Di Federica Di Ruzza

Al di là dei più noti e annosi, negli ultimi tempi in Italia molte iniziative promosse da piccole organizzazioni e istituzioni scelgono di chiamarsi ‘festival’. Artisti scomparsi, lotta alla criminalità, riqualificazione di aree degradate, tradizioni popolari, prodotti locali, tecnologia. Solo alcuni tra gli oggetti attorno a cui si muovono concerti, spettacoli teatrali, poesie, bancarelle, finger food e panini alla porchetta.
Ma perché proprio ‘festival’? Non festa, sagra, contest, maratona, annale?
Si sa, le parole non sono mai a caso.
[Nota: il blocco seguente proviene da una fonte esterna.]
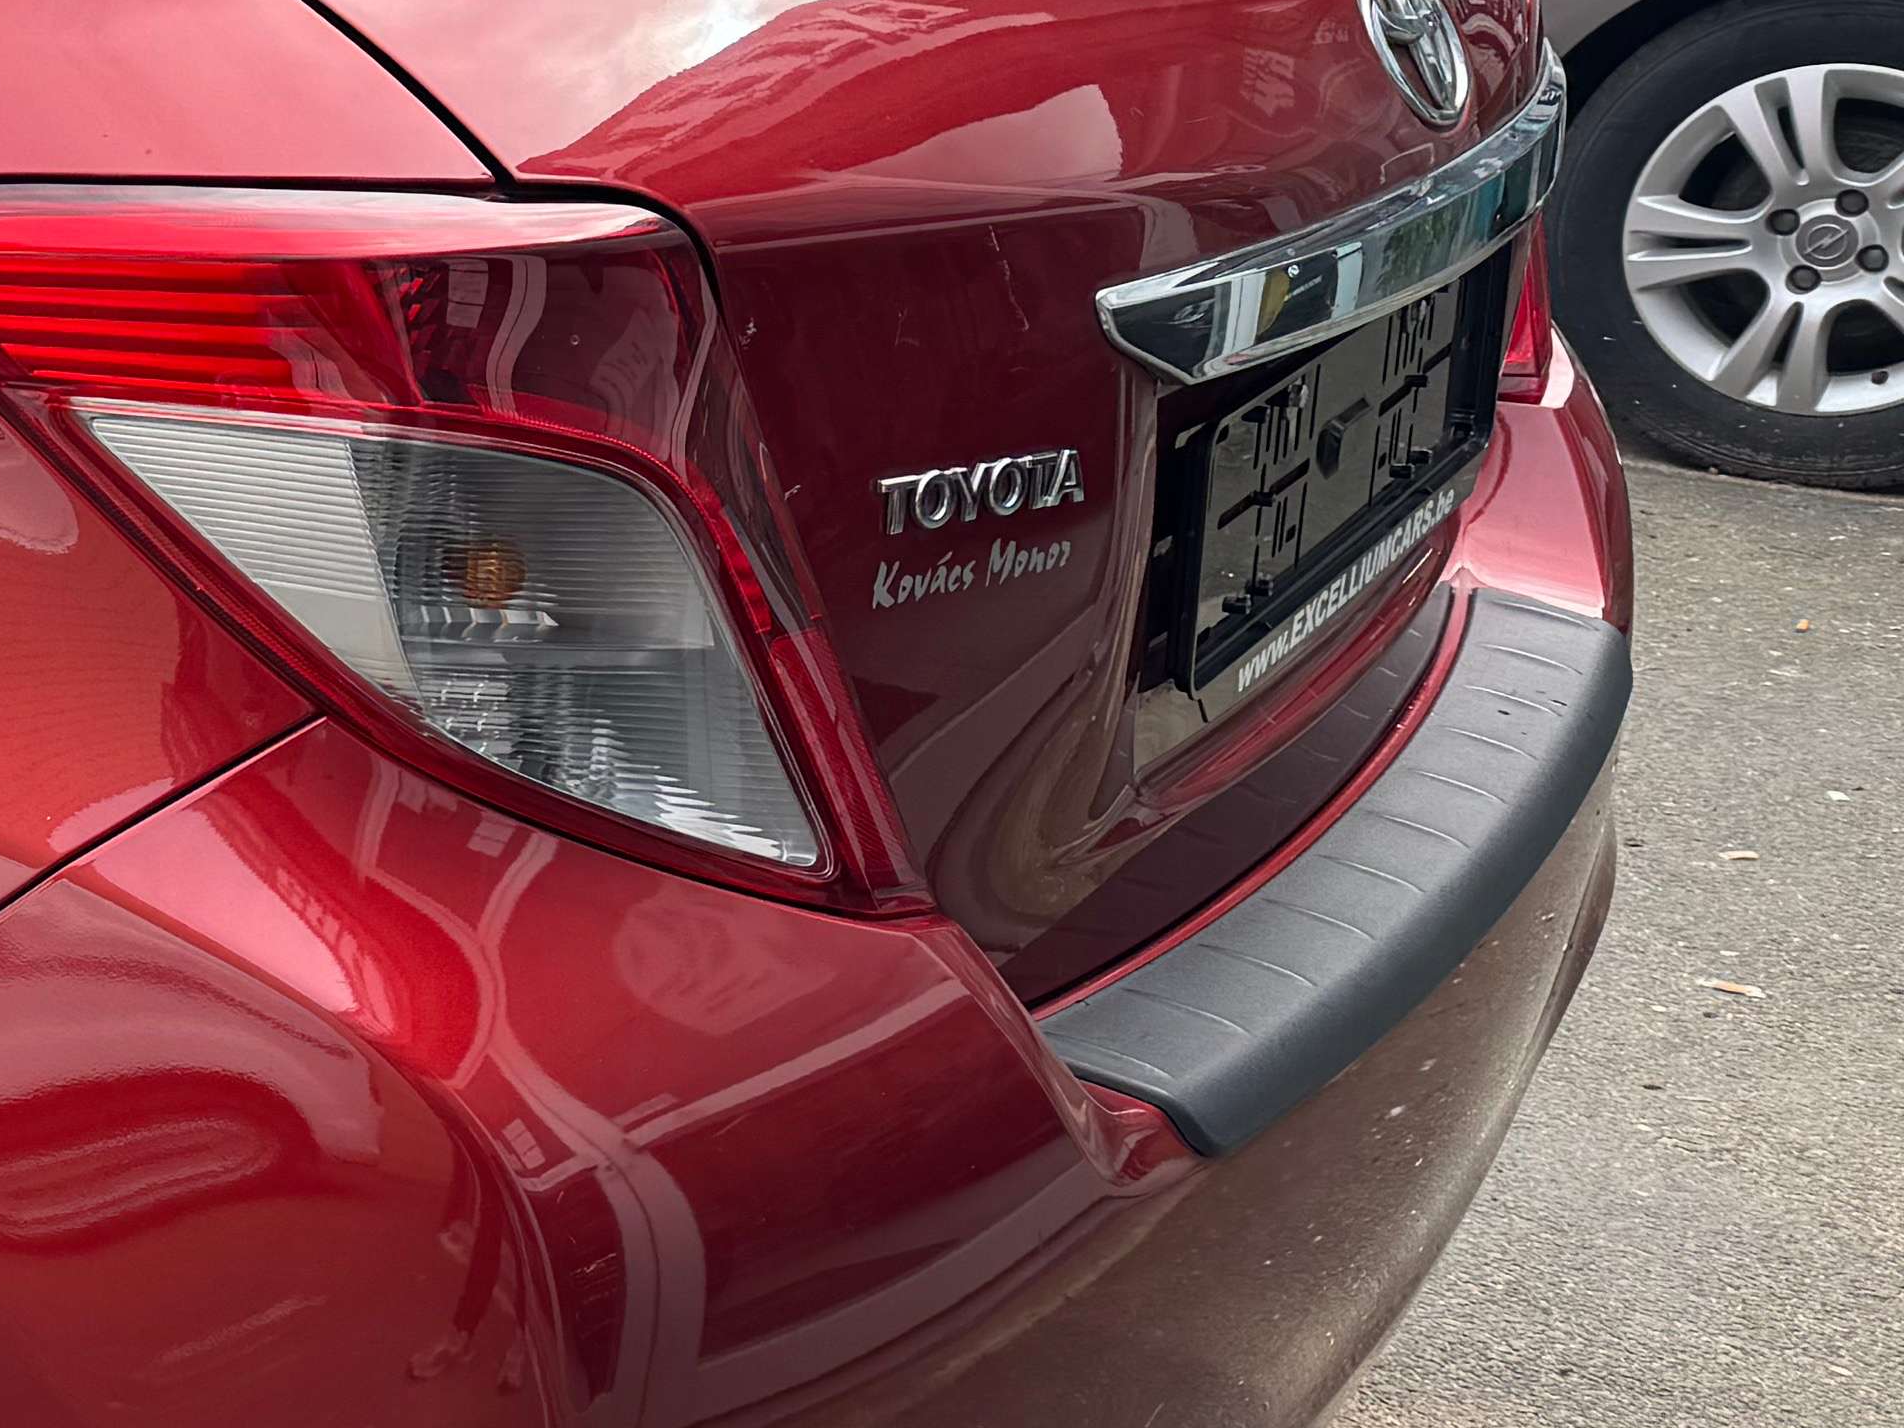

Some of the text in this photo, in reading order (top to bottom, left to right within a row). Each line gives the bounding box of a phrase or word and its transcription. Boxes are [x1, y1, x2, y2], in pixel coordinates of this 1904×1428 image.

[876, 449, 1085, 536] TOYOTA
[872, 538, 1072, 610] Kovács Monor
[1237, 488, 1455, 693] www.EXCELLIUMCARS.be
Anzi. Potremmo dire che non tanto chi parla quanto le parole stesse scelgano dove presentificarsi e liberare i sensi che custodiscono. E le parole sono sempre sintonizzate con l’aria che tira. Con la cultura del luogo e del tempo che vivono.
Dunque chiedo a loro di aiutarmi a capire.
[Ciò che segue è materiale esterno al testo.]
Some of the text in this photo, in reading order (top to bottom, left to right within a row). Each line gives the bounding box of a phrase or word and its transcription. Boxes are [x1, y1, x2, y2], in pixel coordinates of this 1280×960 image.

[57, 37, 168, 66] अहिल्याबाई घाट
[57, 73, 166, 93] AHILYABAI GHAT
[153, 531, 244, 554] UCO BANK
Etimologicamente la parola ‘festival’, come ‘festa’, deriva dal greco estiao, “banchetto, festeggio, ospito” e rimanda ad eventi caratterizzati dalla condivisione di cibo e giochi. Festeggiare é, dunque, un evento conviviale, che richiede riti da condividere con interlocutori, ospiti di una dimensione extra ordinaria che sospende l’ordinario. Lo sovverte, lo provoca, ne denaturalizza gli assunti. Ma nel latino medievale compare la parola festival. Come a dire che “festa” non basta a render conto di qualcosa. Per esempio aspetti culturali che necessitano di nuovi significanti per nuovi significati. Anche il “festival” si costruisce attorno alla convivialità e alla sospensione dell’ordinario ma introduce un senso diverso del tempo. La linearità della sequenza che distingue ordinario e straordinario si arricchisce di circolarità: “ordinario e straordinario torneranno”. La ricorsività diviene così allusione al futuro, in un momento storico in cui pare affatto scontata la sua esistenza. Nel Medioevo le istituzioni centralizzate derivate dagli imperi entrano in crisi e si ha bisogno di nuove forme di organizzazione locale; la Chiesa Cattolica prima garantisce riferimenti religiosi e culturali in grado di naturalizzare sensi e verità sull’uomo e il mondo, poi prepara le basi per scismi, antipapi e riforme; il pensiero scientifico e filosofico oscillano tra i tentativi conciliatori della Scolastica e le correnti fideistiche più integraliste, contribuendo a propria insaputa a gettare le basi per la fatica del relativismo Novecentesco. Il Medioevo, dunque, ha richiesto una profonda fiducia nel futuro e una enorme competenza a tollerare l’attesa. È dentro queste emozioni che si colloca l’invenzione di parole nuove capaci di rassicurare e di aiutare ad osare. Oggi, forse, l’Italia comincia a rileggere la crisi economica, del lavoro, della scuola, delle città, in termini di crisi dei sistemi simbolici che fino a qualche tempo fa sostenevano i sensi del mondo e le sue organizzazioni. Oggi, dunque, “fare festival” pare un modo per tornare a riconoscere nella convivialità la dimensione più utile a trattare con l’incertezza dell’attesa, la costrizione di nuove sacralità e il desiderio di futuro.